[Records provided Boundary: Start]

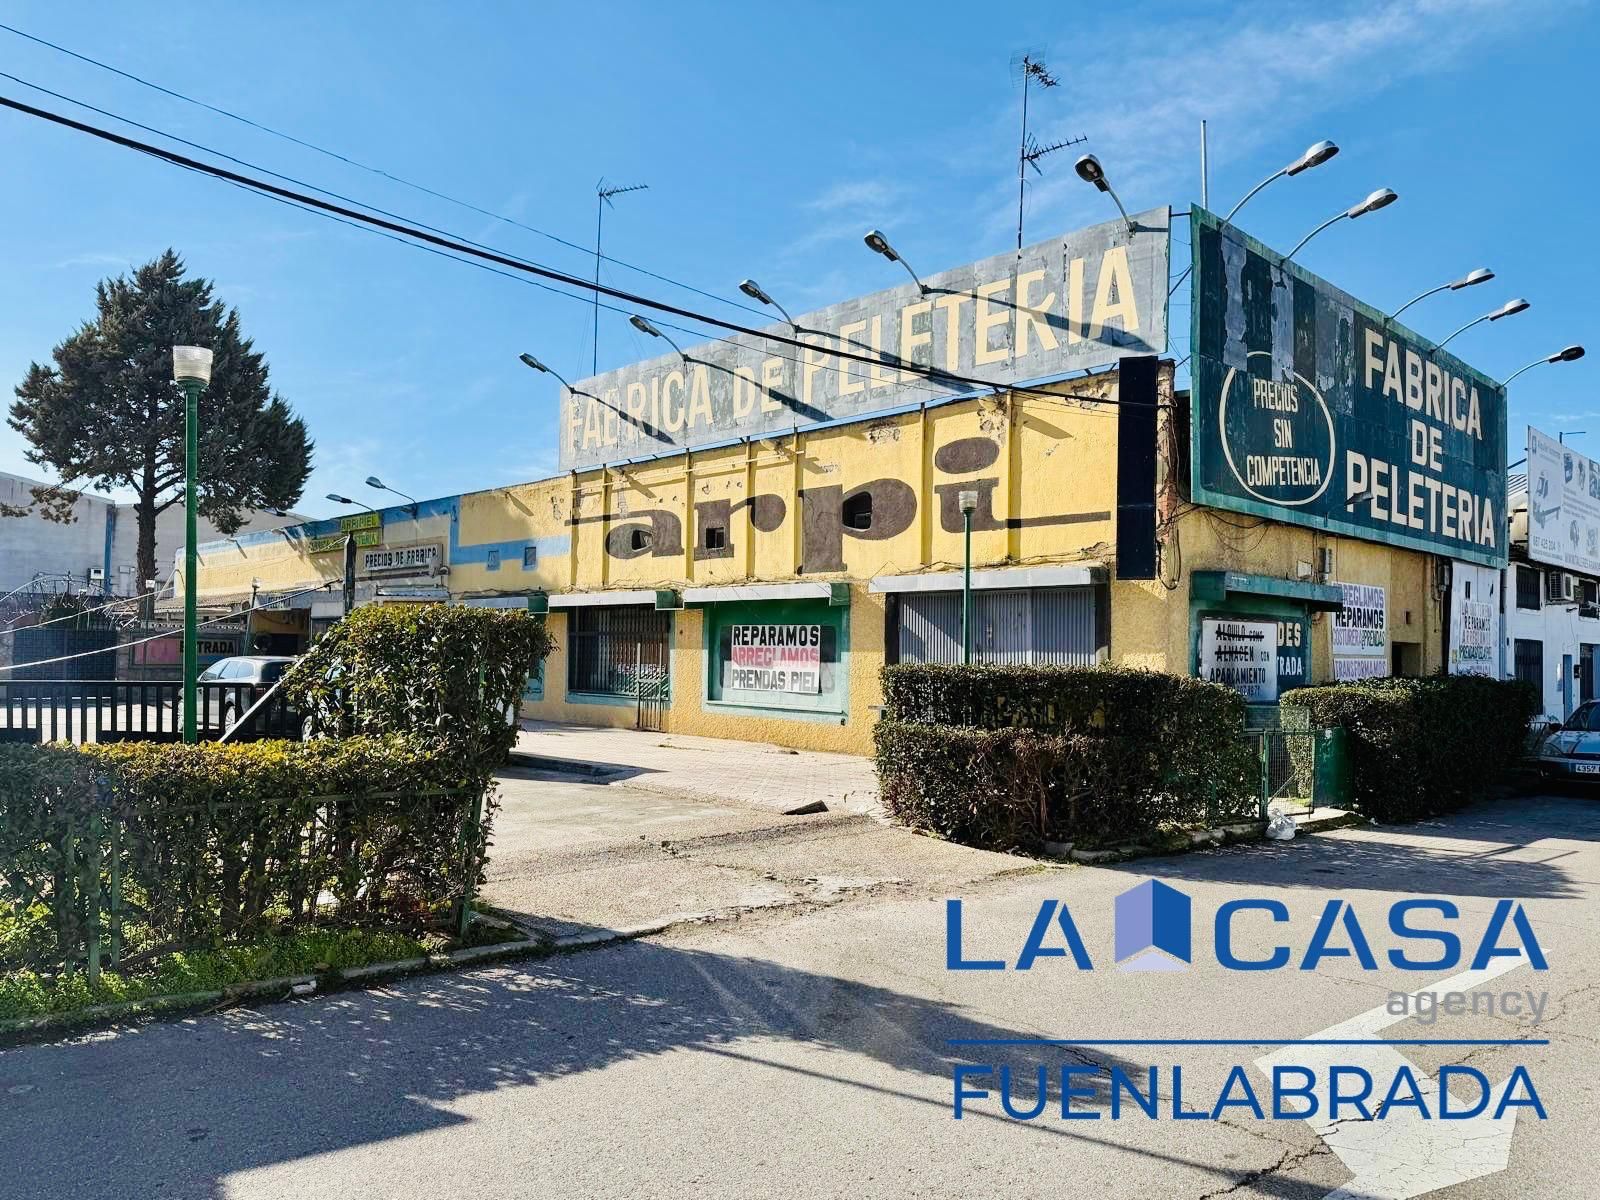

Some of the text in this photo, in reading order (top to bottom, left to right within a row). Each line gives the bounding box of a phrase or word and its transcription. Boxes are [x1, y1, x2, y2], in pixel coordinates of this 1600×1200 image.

[733, 358, 785, 419] DE
[803, 245, 1140, 401] PELETERIA
[1253, 377, 1299, 413] PRECIOS
[1365, 327, 1483, 441] FABRICA
[1273, 418, 1293, 449] SIN
[1411, 418, 1443, 473] DE
[1246, 454, 1322, 487] COMPETENCIA
[1346, 449, 1496, 549] PELETERIA
[365, 552, 392, 568] PRECIOS
[1342, 584, 1384, 609] REGLAMOS
[1336, 607, 1384, 629] REPARAMOS
[179, 640, 235, 655] ETRADA
[733, 625, 820, 647] REPARAMOS
[731, 646, 819, 669] ARREGLAMOS
[731, 669, 819, 692] PRENDAS PIEL
[1210, 667, 1266, 685] APARCAMIENTO

[Records provided Boundary: End]

> _Activity_
Please print every record exactly, leaving out the pictures.

> _Reply_
Some of the text in this photo, in reading order (top to bottom, left to right within a row). Each line gives the bounding box of a phrase or word and its transcription. Boxes are [x1, y1, x2, y2], in pixel coordinates of this 1600×1200 image.

[733, 358, 785, 419] DE
[803, 245, 1140, 401] PELETERIA
[1253, 377, 1299, 413] PRECIOS
[1365, 327, 1483, 441] FABRICA
[1273, 418, 1293, 449] SIN
[1411, 418, 1443, 473] DE
[1246, 454, 1322, 487] COMPETENCIA
[1346, 449, 1496, 549] PELETERIA
[365, 552, 392, 568] PRECIOS
[1342, 584, 1384, 609] REGLAMOS
[1336, 607, 1384, 629] REPARAMOS
[179, 640, 235, 655] ETRADA
[733, 625, 820, 647] REPARAMOS
[731, 646, 819, 669] ARREGLAMOS
[731, 669, 819, 692] PRENDAS PIEL
[1210, 667, 1266, 685] APARCAMIENTO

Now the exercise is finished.